Richard Leakey, Kenyan conservationist who campaigned against ivory trade, has died
Richard Leakey, a Kenyan conservationist and paleoanthropologist who spearheaded campaigns against the ivory trade to save the dwindling African elephant population, has died, the Kenyan presidency said on Sunday. He was 77.
For years Leakey served in various roles in the government including as director of the state-run National Museums of Kenya and twice as board chairman at the Kenya Wildlife Service.
President Uhuru Kenyatta said Leakey had « served our country with distinction ».
« Besides his distinguished career in the public service, Dr. Leakey is celebrated for his prominent role in Kenya’s vibrant civil society where he founded and successfully ran a number of institutions. »
Leakey was the son of palaeontologists Louis and Mary Leakey, whose work helped demonstrate that human evolution began in Africa. He was celebrated for his work to save wildlife from poachers and for leading campaigns against the ivory trade.

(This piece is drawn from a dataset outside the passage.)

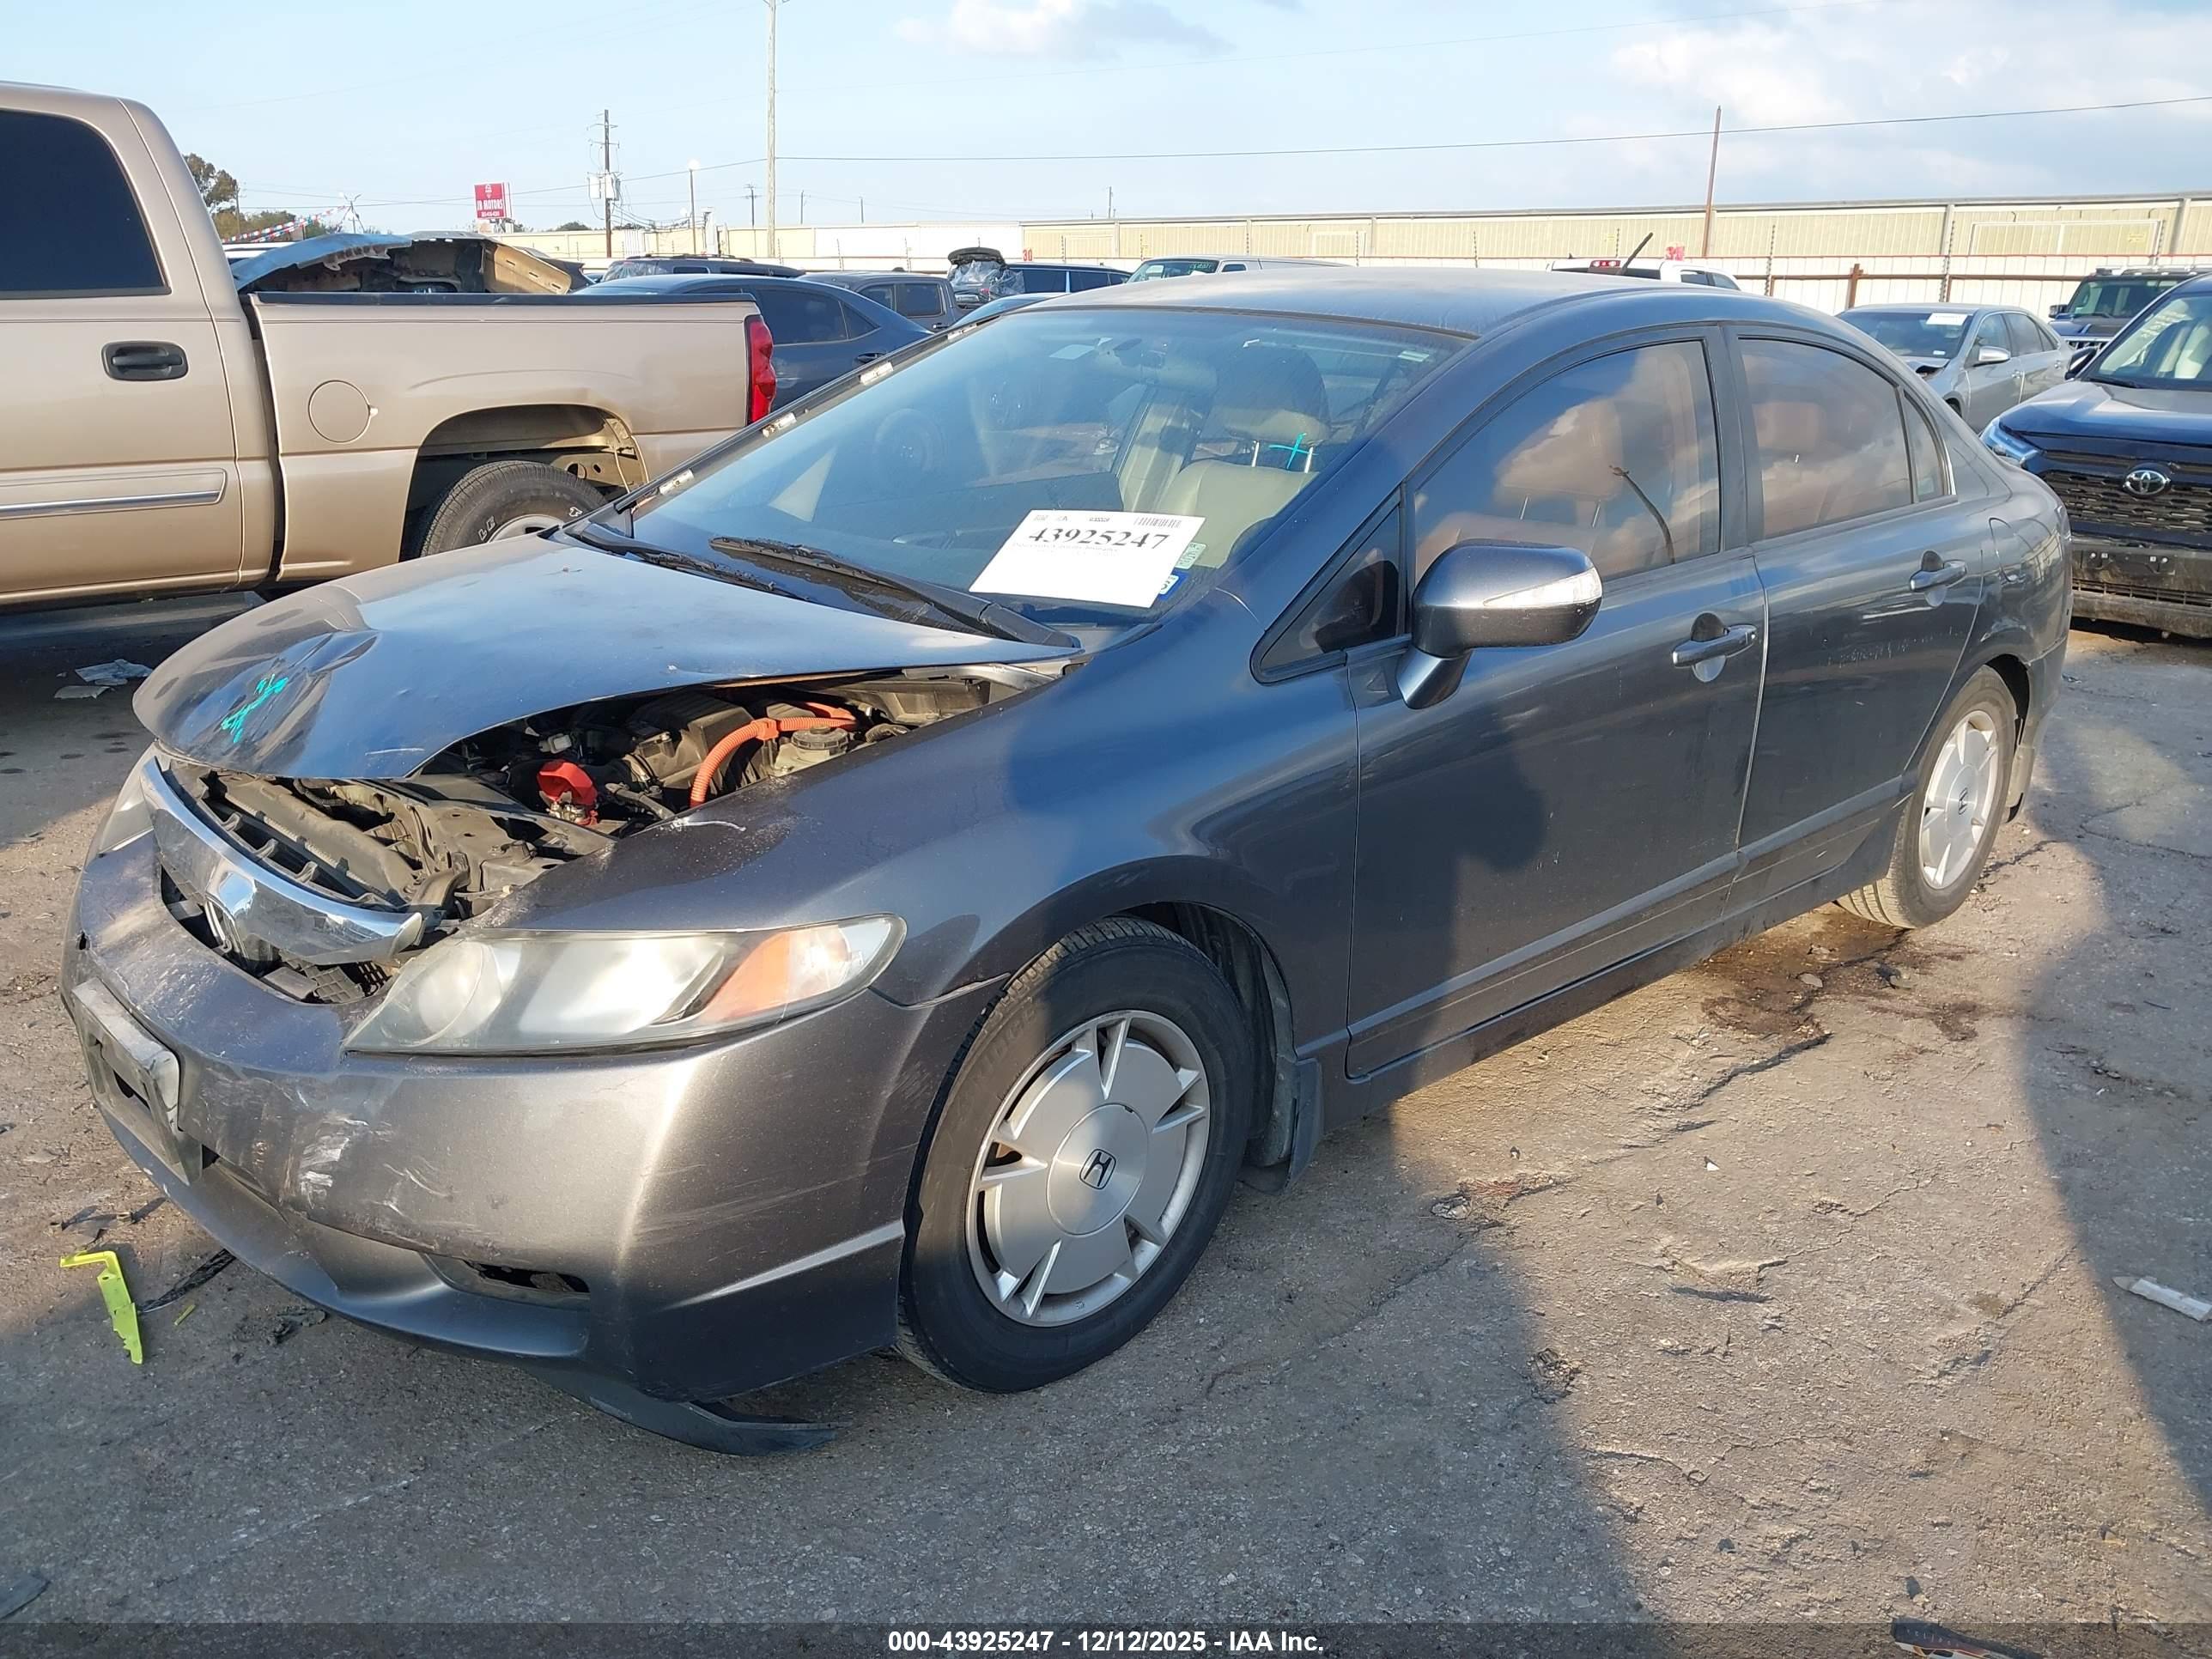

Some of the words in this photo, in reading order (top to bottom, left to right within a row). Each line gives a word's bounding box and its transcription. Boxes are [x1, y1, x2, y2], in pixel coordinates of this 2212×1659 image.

[483, 198, 503, 210] MOTORS
[1023, 249, 1033, 262] 30
[1029, 527, 1170, 549] 43925247

« Very courageous, he was a person who stood for integrity whether it was in wildlife conservation, whether it was related to archaeological and paleoanthropological research at museums or whether it was related to politics, » she said.
He was a co-founder of the Safina Party in 1995.
At the time of his death, he was serving as chairman of the Turkana Basin Institute at Stony Brook University in the United States, which works to facilitate research and education in palaeontology and archaeology in northern Kenya.